While we have framed our engagements as “decolonizing,” our emphasis is not on large-scale decolonization per se, but rather on small-scale, slow, collaborative interventions as we set out to learn together. Such small-scale decolonization has a wide reach—encompassing land, place, food, music, art, history, architecture, thought. We consciously work together to excavate our pasts, to create and recreate our present and to imagine our futures.

Finally, in an effort to engage in practical and concrete decolonization(s), we felt that it was important to learn about not only Jimma’s history, culture, and geography, but also how the histories and peoples of the Global South intersect. As such, part of our workshop activities included visits to Abba Jifar Palace and Jimma University’s historical agricultural campus. Dr. Ketebo Shumba, historian and author of a biography of Moti (King) Abba Jifar II, led the group on a tour of the Palace. Biologists at JU showed the expansive agricultural campus, where JU began in 1952. This was a means of offering glimpses of life in Jimma for those scholars joining us from Malawi, Nigeria, Tanzania, or other cities in Ethiopia. These excursions were significant for local, Jimma-based faculty as well, many of whom had never visited these sites and found much to appreciate and discover.

 Participants’ reflections and moving forward

In the concluding and reflecting sessions of the workshop, there were enthusiastic calls for subsequent events and collectives to be held and formed in Ethiopia. Participant feedback emphasized a sense of academic isolation at the same time that our commentary reasserted the necessity of critical, radical exchanges in Ethiopia and on the continent, many saying that the workshop was the very first event of its kind that they had participated in.

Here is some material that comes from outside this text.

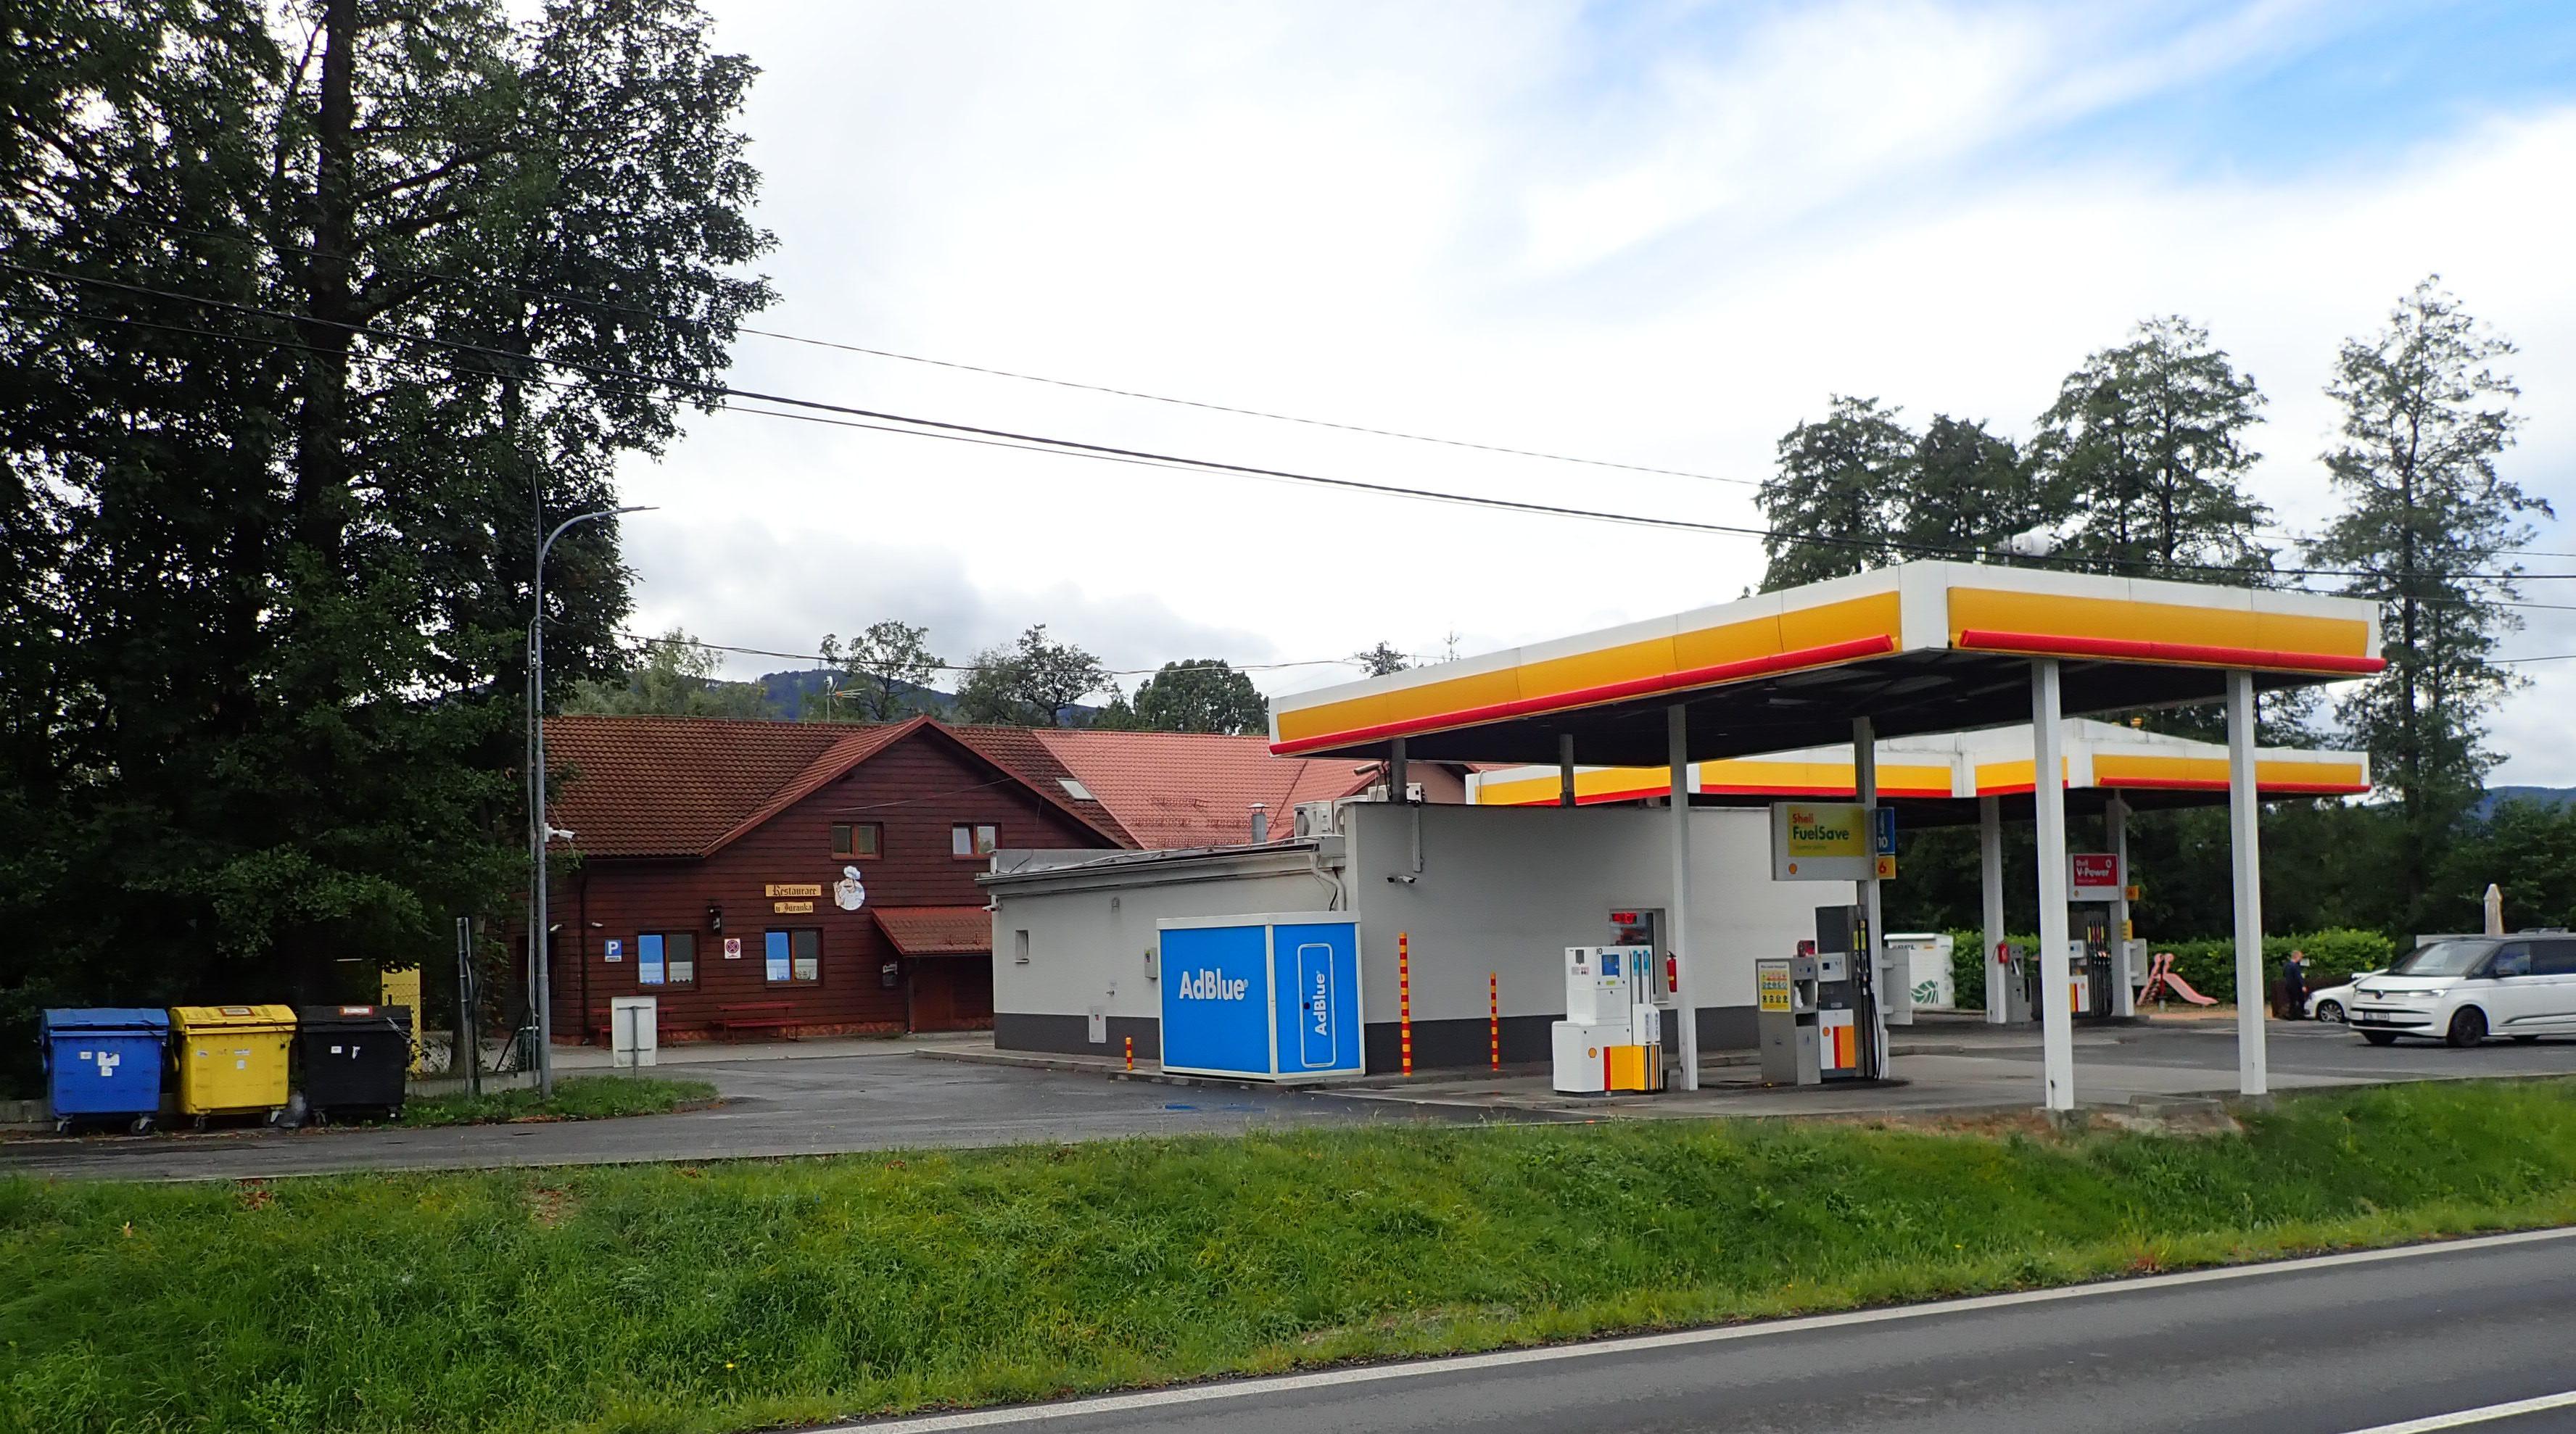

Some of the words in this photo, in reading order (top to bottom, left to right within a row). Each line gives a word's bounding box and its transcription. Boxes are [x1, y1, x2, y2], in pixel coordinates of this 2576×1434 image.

It was a rewarding opportunity, they reflected, but bittersweet. We had an honest conversation about how the workshop came to fruition, in part, due to collaboration with Northerners, who are presumed competent in Ethiopia.[21] How can we ensure that (local) academics from Ethiopia have been endowed with the opportunity to pursue such a workshop independent of external involvement?

Our workshop highlighted many commonalities between scholars in Africa and nonwhite scholars in the North and important opportunities for creating transnational and trans-institutional reading and writing communities. At the same time, one participant importantly reminded us of the need to be realistic: While we had ambitiously wanted participants to have submission-ready articles by the conclusion of the workshop (and, indeed, the workshop provided spaces for critical, one-on-one discussions and collaborations; one participant has had his article accepted for publication and we applaud his achievement), most of the participants needed to continue working and reworking their articles. This recognition for the need for time is important for future writing workshops designed for unpublished faculty: Slow scholarship has an important role to play in knowledge decolonization.[22]

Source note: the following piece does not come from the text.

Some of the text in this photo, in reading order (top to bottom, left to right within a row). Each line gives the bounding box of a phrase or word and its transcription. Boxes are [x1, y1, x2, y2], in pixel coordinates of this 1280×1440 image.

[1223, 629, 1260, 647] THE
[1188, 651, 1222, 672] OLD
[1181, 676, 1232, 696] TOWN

As with the organization of any academic workshop or event, there were financial and logistical obstacles. In our case, some of these obstacles further reveal inequalities in academic settings. Most recognizably was the difficulty of intra-Africa travel for Africans. Perhaps nothing demonstrates the need for decolonization more than the difficulties that Africans face when traveling to other African countries, while Europeans and North Americans enter easily, often on tourist visas on-arrival. So that while academics in the North decry the perils of “fortress Europe,”[23] structural and economic inequalities extend beyond the geography of Europe, creating exclusions in the South that we continue to address.

Our workshop had an obvious gender imbalance, one that is reflective of a larger gender inequality in Ethiopian higher education: nearly 90 percent of the participants were male and 100 percent of the participants from Ethiopia were men, despite significant women-targeted recruiting efforts by the organizing committee (unfortunately two Ethiopian women scholars had to withdraw participation due to scheduling conflicts). As scholars working towards decolonization, we recognize the continued need to create opportunities specifically directed at women faculty.

There was a suggestion that, as a way forward, participants keep in touch and continue our conversations, even through informal channels like social media and email listservs, or more formally through widely read and accessible electronic publications (such as Pambazuka News) that could be good starting points for young scholars who were still navigating their path through the highly competitive terrain of international academic publishing.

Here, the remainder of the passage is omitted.